Without the pictures, copy all the entries below exactly.
== Study material ==
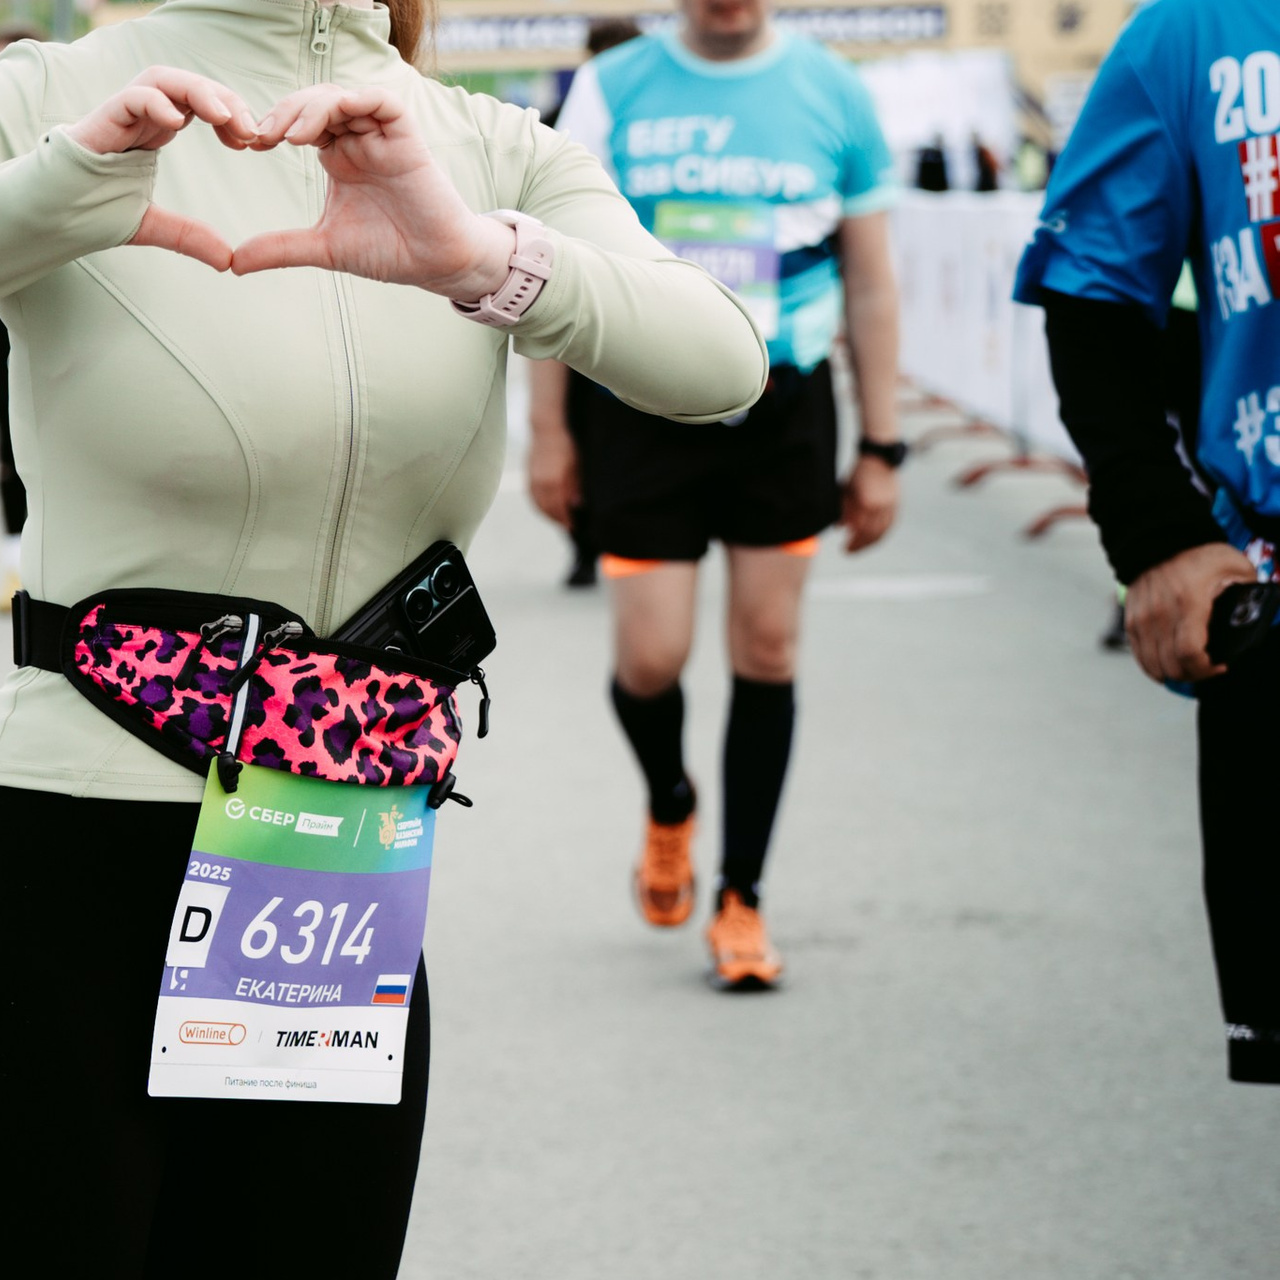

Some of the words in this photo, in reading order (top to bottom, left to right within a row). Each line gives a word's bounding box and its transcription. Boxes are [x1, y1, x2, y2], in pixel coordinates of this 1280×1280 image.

[249, 806, 295, 826] СБЕР
[301, 818, 333, 831] Прайм
[188, 860, 232, 881] 2025
[179, 905, 212, 943] D
[240, 896, 379, 965] 6314
[235, 977, 342, 1003] ЕКАТЕРИНА
[185, 1026, 226, 1040] Winline
[224, 1076, 258, 1087] Питание
[259, 1079, 284, 1088] после
[285, 1080, 317, 1089] финиша
===
Written reply:
Some of the words in this photo, in reading order (top to bottom, left to right within a row). Each line gives a word's bounding box and its transcription. Boxes are [x1, y1, x2, y2], in pixel coordinates of this 1280×1280 image.

[249, 806, 295, 826] СБЕР
[301, 818, 333, 831] Прайм
[188, 860, 232, 881] 2025
[179, 905, 212, 943] D
[240, 896, 379, 965] 6314
[235, 977, 342, 1003] ЕКАТЕРИНА
[185, 1026, 226, 1040] Winline
[224, 1076, 258, 1087] Питание
[259, 1079, 284, 1088] после
[285, 1080, 317, 1089] финиша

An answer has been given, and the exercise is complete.